What is being asked
Where the lines below hold images, skip those and copy every word exactly.
Segment Start: Records for this task
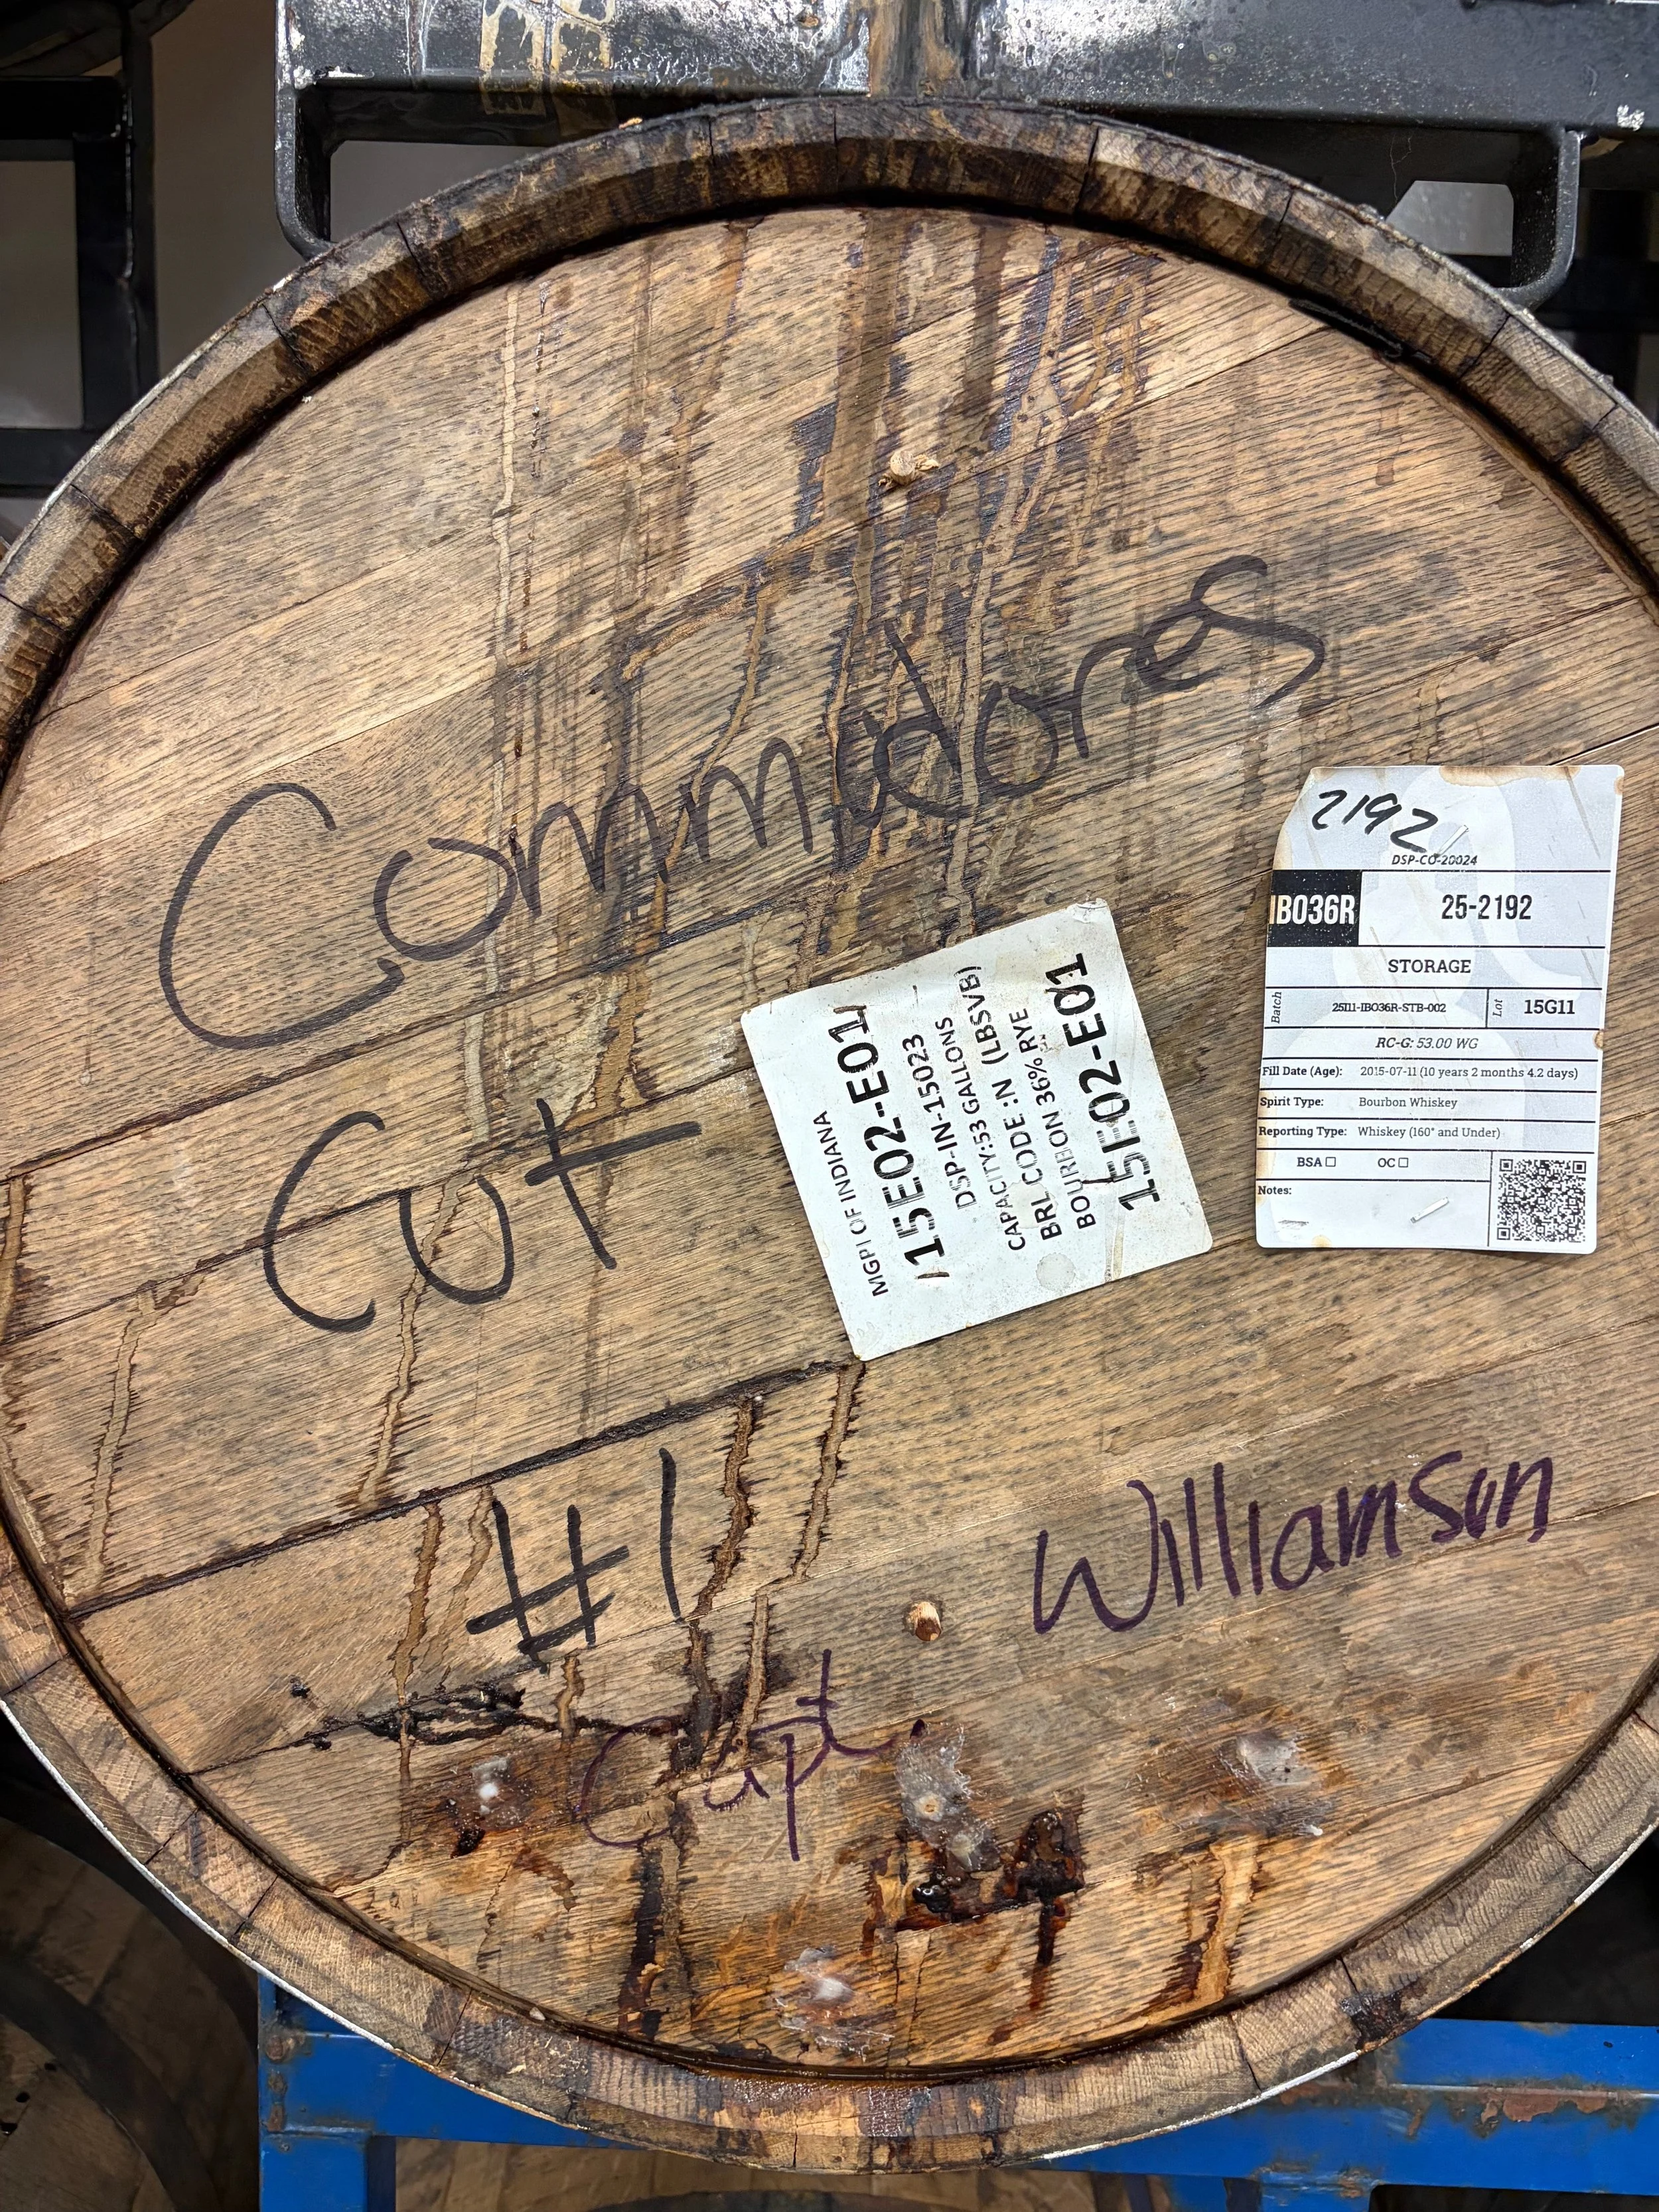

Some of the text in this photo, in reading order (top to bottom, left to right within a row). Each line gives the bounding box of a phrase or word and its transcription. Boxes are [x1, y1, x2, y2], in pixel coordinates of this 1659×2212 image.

[1312, 789, 1439, 853] 2192
[1441, 894, 1533, 920] 25-2192
[1388, 960, 1471, 974] STORAGE
[954, 966, 1010, 1066] (LBSVB)
[1271, 992, 1282, 1024] Batch
[1492, 999, 1503, 1017] Lot
[1524, 999, 1575, 1015] 15G11
[1376, 1037, 1479, 1049] RC-G: 53.00 WG
[935, 1016, 979, 1115] GALLONS
[1045, 953, 1161, 1211] 15E02-E01
[1262, 1066, 1579, 1080] Fill Date (Age): 2015-07-11 (10 years 2 months 4.2 days)
[902, 1033, 976, 1211] DSP-IN-15023
[1009, 1008, 1096, 1229] BOURBON 36% RYE
[1260, 1096, 1458, 1109] Spirit Type: Bourbon Whiskey
[828, 1009, 946, 1266] 15E02-E01
[1003, 1112, 1043, 1185] CODE
[1258, 1126, 1500, 1139] Reporting Type: Whiskey (160° and Under)
[1297, 1157, 1323, 1167] BSA
[1378, 1157, 1396, 1167] OC
[813, 1110, 889, 1297] MGPI OF INDIANA
[1258, 1185, 1292, 1195] Notes:
[263, 1098, 701, 1332] Cut
[1031, 1187, 1062, 1240] BRL
[466, 1447, 682, 1675] #1
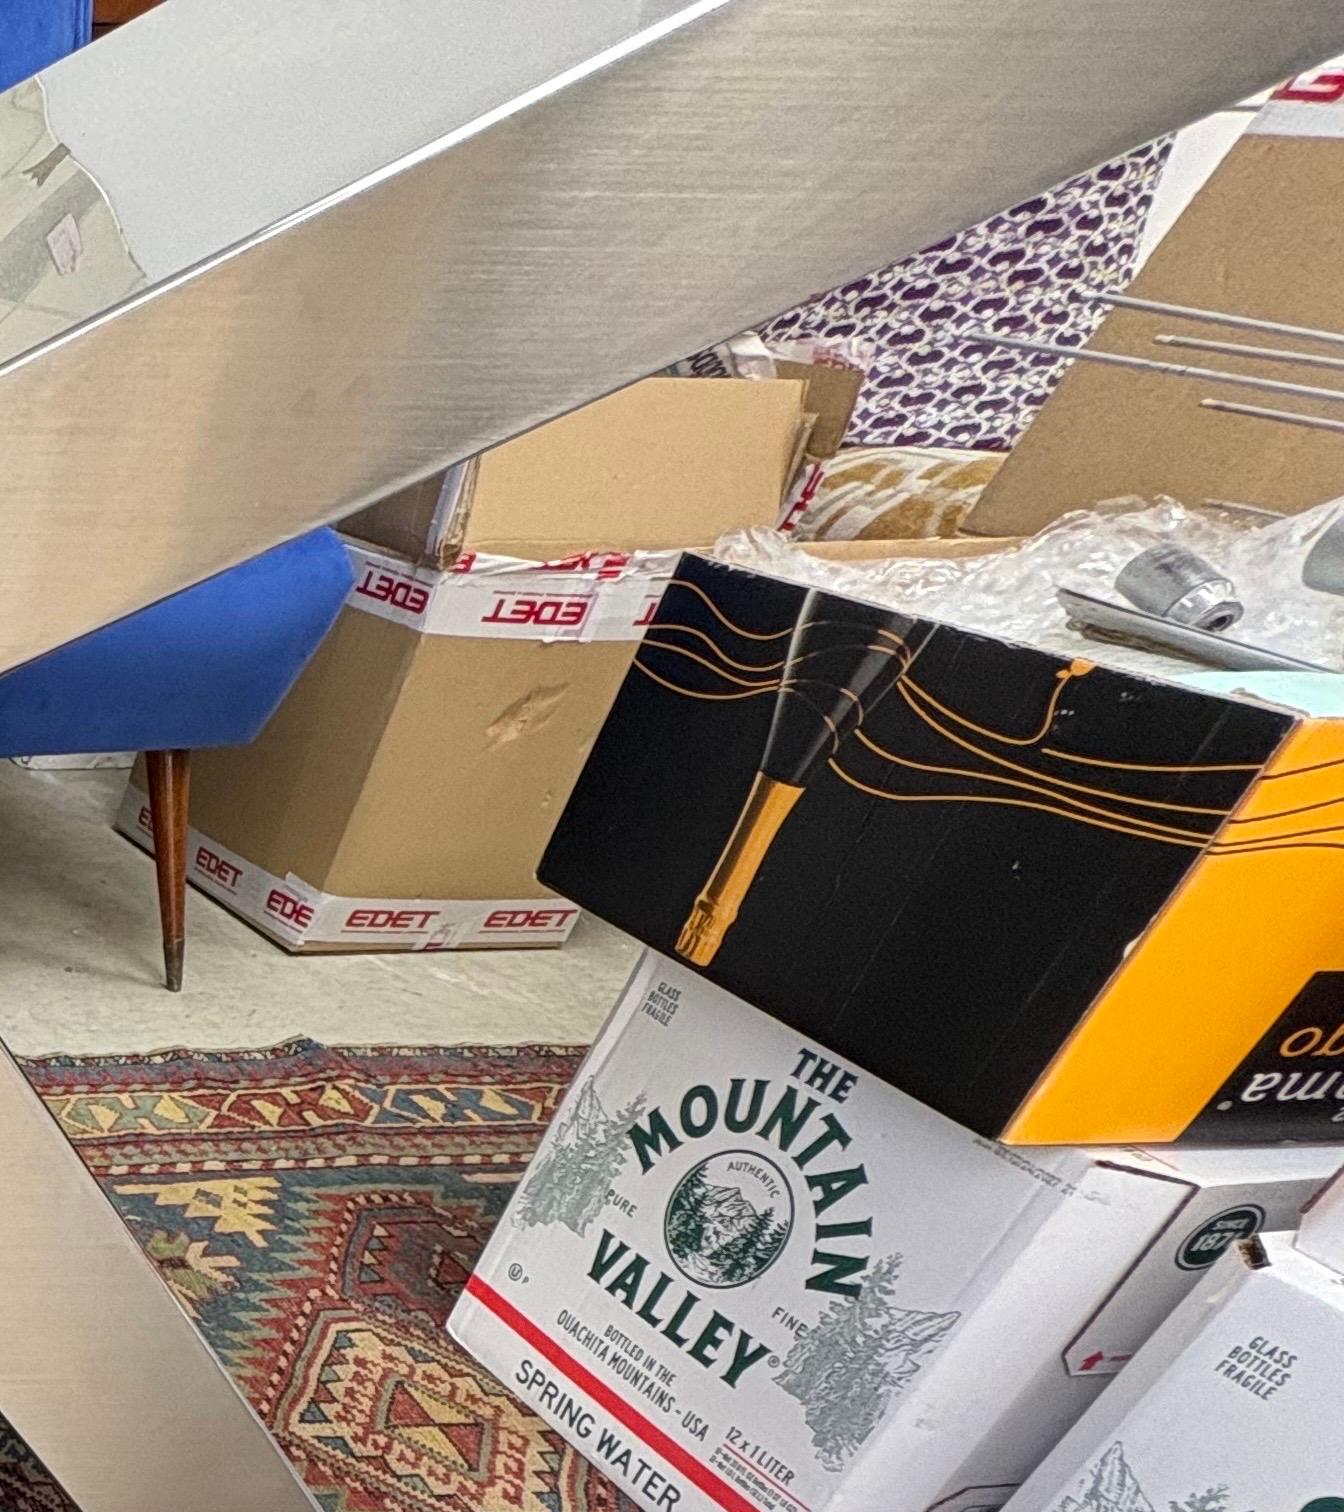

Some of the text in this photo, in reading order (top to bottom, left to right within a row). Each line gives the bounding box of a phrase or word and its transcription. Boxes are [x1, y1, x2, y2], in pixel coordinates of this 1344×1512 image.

[195, 846, 243, 888] EDET
[345, 911, 441, 929] EDET
[483, 909, 578, 929] EDET
[790, 1048, 859, 1104] THE
[626, 1078, 874, 1300] MOUNTAIN
[726, 1160, 781, 1200] AUTHENTIC
[607, 1188, 810, 1338] PURE FINE
[556, 1309, 609, 1364] OUACHITA
[608, 1353, 676, 1414] MOUNTAINS
[681, 1409, 710, 1443] USA
[603, 1324, 677, 1387] BOTTLED IN THE
[1214, 1359, 1279, 1401] FRAGILE
[1227, 1345, 1292, 1388] BOTTLES
[1247, 1335, 1298, 1369] GLASS
[515, 1359, 596, 1440] SPRING
[725, 1426, 742, 1445] 12
[756, 1451, 795, 1487] LITER
Segment End: Records for this task
Response for this exercise
Some of the text in this photo, in reading order (top to bottom, left to right within a row). Each line gives the bounding box of a phrase or word and its transcription. Boxes are [x1, y1, x2, y2], in pixel coordinates of this 1659×2212 image.

[1312, 789, 1439, 853] 2192
[1441, 894, 1533, 920] 25-2192
[1388, 960, 1471, 974] STORAGE
[954, 966, 1010, 1066] (LBSVB)
[1271, 992, 1282, 1024] Batch
[1492, 999, 1503, 1017] Lot
[1524, 999, 1575, 1015] 15G11
[1376, 1037, 1479, 1049] RC-G: 53.00 WG
[935, 1016, 979, 1115] GALLONS
[1045, 953, 1161, 1211] 15E02-E01
[1262, 1066, 1579, 1080] Fill Date (Age): 2015-07-11 (10 years 2 months 4.2 days)
[902, 1033, 976, 1211] DSP-IN-15023
[1009, 1008, 1096, 1229] BOURBON 36% RYE
[1260, 1096, 1458, 1109] Spirit Type: Bourbon Whiskey
[828, 1009, 946, 1266] 15E02-E01
[1003, 1112, 1043, 1185] CODE
[1258, 1126, 1500, 1139] Reporting Type: Whiskey (160° and Under)
[1297, 1157, 1323, 1167] BSA
[1378, 1157, 1396, 1167] OC
[813, 1110, 889, 1297] MGPI OF INDIANA
[1258, 1185, 1292, 1195] Notes:
[263, 1098, 701, 1332] Cut
[1031, 1187, 1062, 1240] BRL
[466, 1447, 682, 1675] #1

Some of the text in this photo, in reading order (top to bottom, left to right within a row). Each line gives the bounding box of a phrase or word and its transcription. Boxes are [x1, y1, x2, y2], in pixel coordinates of this 1344×1512 image.

[195, 846, 243, 888] EDET
[345, 911, 441, 929] EDET
[483, 909, 578, 929] EDET
[790, 1048, 859, 1104] THE
[626, 1078, 874, 1300] MOUNTAIN
[726, 1160, 781, 1200] AUTHENTIC
[607, 1188, 810, 1338] PURE FINE
[556, 1309, 609, 1364] OUACHITA
[608, 1353, 676, 1414] MOUNTAINS
[681, 1409, 710, 1443] USA
[603, 1324, 677, 1387] BOTTLED IN THE
[1214, 1359, 1279, 1401] FRAGILE
[1227, 1345, 1292, 1388] BOTTLES
[1247, 1335, 1298, 1369] GLASS
[515, 1359, 596, 1440] SPRING
[725, 1426, 742, 1445] 12
[756, 1451, 795, 1487] LITER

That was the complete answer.